Landon Hedrick has written an interesting blog post. Here is a snippet:
If you believe that Jesus walked on water, cast out demons, healed the sick, raised people from the dead, and was himself resurrected from the dead, then you don’t get to dismiss the “Jesus never existed” theory as too silly or crazy to take seriously.
I’m not arguing for mythicism here (I’m not a mythicist). That’s not what I’m up to. Nor am I arguing against it. My point is rather simple: as unbelievable a view as it is, you have no room to dismiss it so casually on the basis of its being totally bonkers if you believe in a magic Jesus yourself.

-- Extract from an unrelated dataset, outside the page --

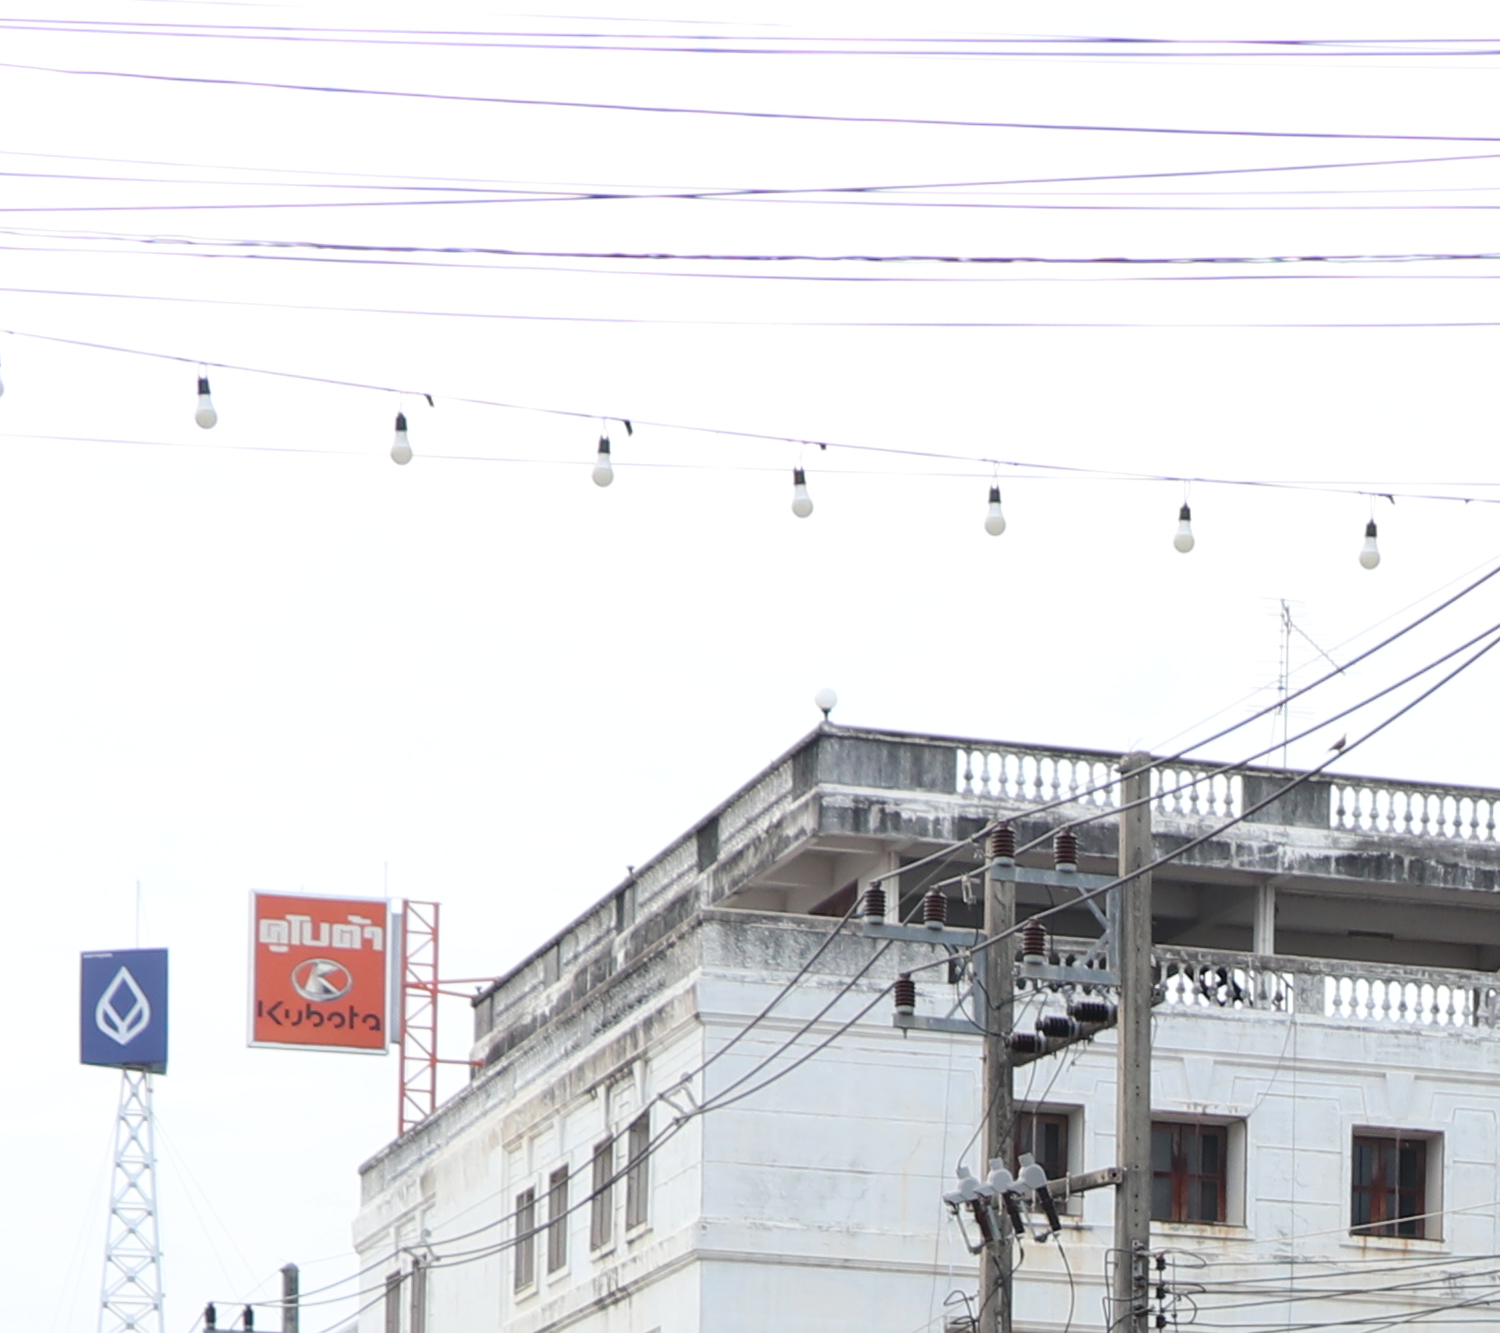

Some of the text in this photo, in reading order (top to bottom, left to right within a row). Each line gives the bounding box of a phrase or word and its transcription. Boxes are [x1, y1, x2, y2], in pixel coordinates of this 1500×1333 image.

[259, 914, 383, 954] คูโบต้า
[257, 1000, 381, 1031] Kubota

I think it is an interesting perspective. It is definitely worth the read. I can associate with Avalos on being an agnostic about the question, as I am also an agnostic. But I did find this additional comment from Hedrick quite interesting (it is the first comment listed under the blog itself):
According to Hector Avalos (article in preparation), 1 John 4:1-3 at the very leasts suggests that, even at the time of the New Testament writings, there were a group of self-described Christians who did not believe that Jesus had come in the flesh at all.
The passage (RSV) reads:
 Beloved, do not believe every spirit, but test the spirits to see whether they are of God; for many false prophets have gone out into the world.
 By this you know the Spirit of God: every spirit which confesses that Jesus Christ has come in the flesh is of God,
 and every spirit which does not confess Jesus is not of God. This is the spirit of antichrist, of which you heard that it was coming, and now it is in the world already.

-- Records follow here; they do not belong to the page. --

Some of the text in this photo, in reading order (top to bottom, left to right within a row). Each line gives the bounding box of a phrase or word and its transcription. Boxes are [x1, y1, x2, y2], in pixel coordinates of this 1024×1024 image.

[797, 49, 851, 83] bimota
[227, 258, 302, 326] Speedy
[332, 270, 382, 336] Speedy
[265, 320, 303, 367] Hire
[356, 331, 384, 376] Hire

But how could there even be prophets saying that Jesus had not come in the flesh if everyone agreed that he was a blood and flesh person all along? So, for Avalos, 1 John 4 suggests that, even at the time of the New Testament writings, Christianity was already divided into what we might call “historical” (if that means a flesh and blood person) and “mythicist” (if that means not a flesh and blood person) views of Jesus.
This passage is noted by Earl Doherty (Jesus Puzzle, pp. 43 and 307).”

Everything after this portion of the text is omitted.